No se trata de un fenómeno raro, pero sí de uno especial. Esa noche ocurre lo que la astronomía llama “oposición”, una alineación en la que la Tierra se coloca justo entre el Sol y Júpiter. El resultado es sencillo de explicar y fácil de notar: el planeta se vuelve más luminoso, más cercano y visible durante prácticamente toda la noche.
Para quienes suelen mirar el cielo de reojo, será difícil ignorarlo. Para quienes disfrutan detenerse un poco más, es una invitación clara a levantar la vista.
¿Qué significa que Júpiter esté en oposición?
La oposición sucede cuando un planeta exterior queda frente al Sol desde la perspectiva de la Tierra. En el caso de Júpiter, esto implica dos cosas importantes: alcanza su mayor cercanía relativa con nuestro planeta y refleja la luz solar con mayor intensidad.
Durante este evento, Júpiter brillará con una magnitud aproximada de –2.7, lo que lo convierte en uno de los objetos más brillantes del cielo nocturno, solo superado por la Luna y Venus. Esa intensidad hace que destaque incluso en ciudades con contaminación lumínica moderada.
Además, al estar en oposición, el planeta sale al anochecer y se oculta hasta el amanecer, ofreciendo una ventana de observación amplia y generosa.
Cuándo y dónde mirar
El momento exacto de la oposición ocurre durante la madrugada del 10 de enero, pero desde la noche del viernes 9 el espectáculo ya estará servido. Desde México y gran parte del hemisferio norte, basta con mirar hacia el este poco después del atardecer.

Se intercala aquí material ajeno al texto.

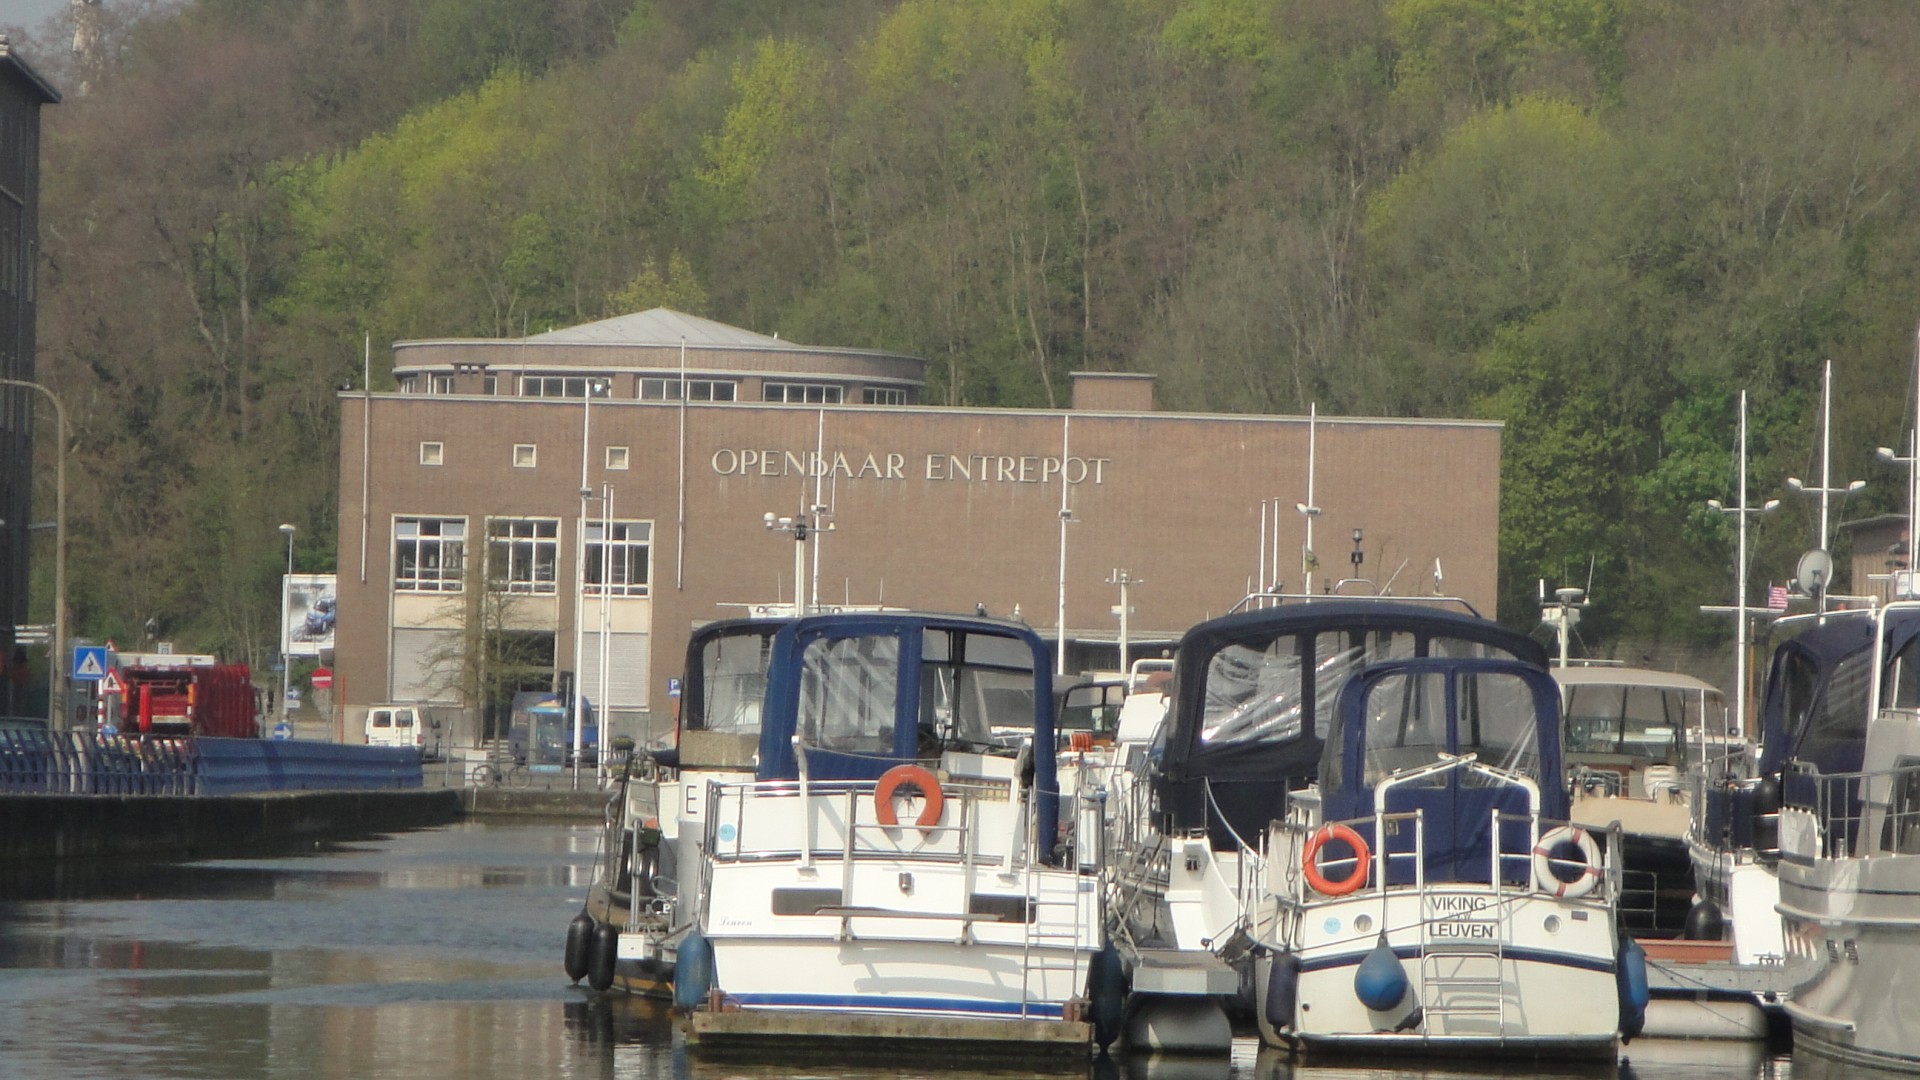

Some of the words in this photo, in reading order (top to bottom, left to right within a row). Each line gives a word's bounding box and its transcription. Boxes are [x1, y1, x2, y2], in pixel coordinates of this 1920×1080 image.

A lo largo de la noche, Júpiter irá ganando altura hasta alcanzar su punto más alto cerca de la medianoche. Durante estas horas se localizará en la constelación de Géminis, una referencia útil incluso para quienes no están familiarizados con el mapa celeste. Se verá como un punto firme, brillante y ligeramente dorado, que no titila como las estrellas.
En el hemisferio sur, el planeta aparecerá más bajo sobre el horizonte, pero seguirá siendo claramente visible desde el noreste.
Más que a simple vista
No necesitas telescopios ni conocimientos especializados para disfrutar este evento. A simple vista, Júpiter ya se impone por su brillo y presencia. Sin embargo, unos binoculares de alto aumento pueden cambiar por completo la experiencia.
Con ellos es posible distinguir sus cuatro lunas principales: Ío, Europa, Ganímedes y Calisto. Estos satélites, descubiertos por Galileo Galilei en el siglo XVII, no solo son un detalle estético; su observación fue clave para transformar nuestra comprensión del universo y cuestionar la idea de que todo giraba alrededor de la Tierra.
Quienes cuenten con un telescopio amateur podrán observar también las bandas nubosas del planeta y, con algo de paciencia y buen cielo, la famosa Gran Mancha Roja, una tormenta gigantesca que lleva siglos activa.
Este 2026, Júpiter no solo estará más cerca y brillante, también estará al alcance de cualquiera que decida mirar. No importa si es desde una azotea, una ventana o un camino oscuro lejos de la ciudad. El planeta estará ahí, visible durante toda la noche, marcando el inicio del año con una presencia clara y contundente.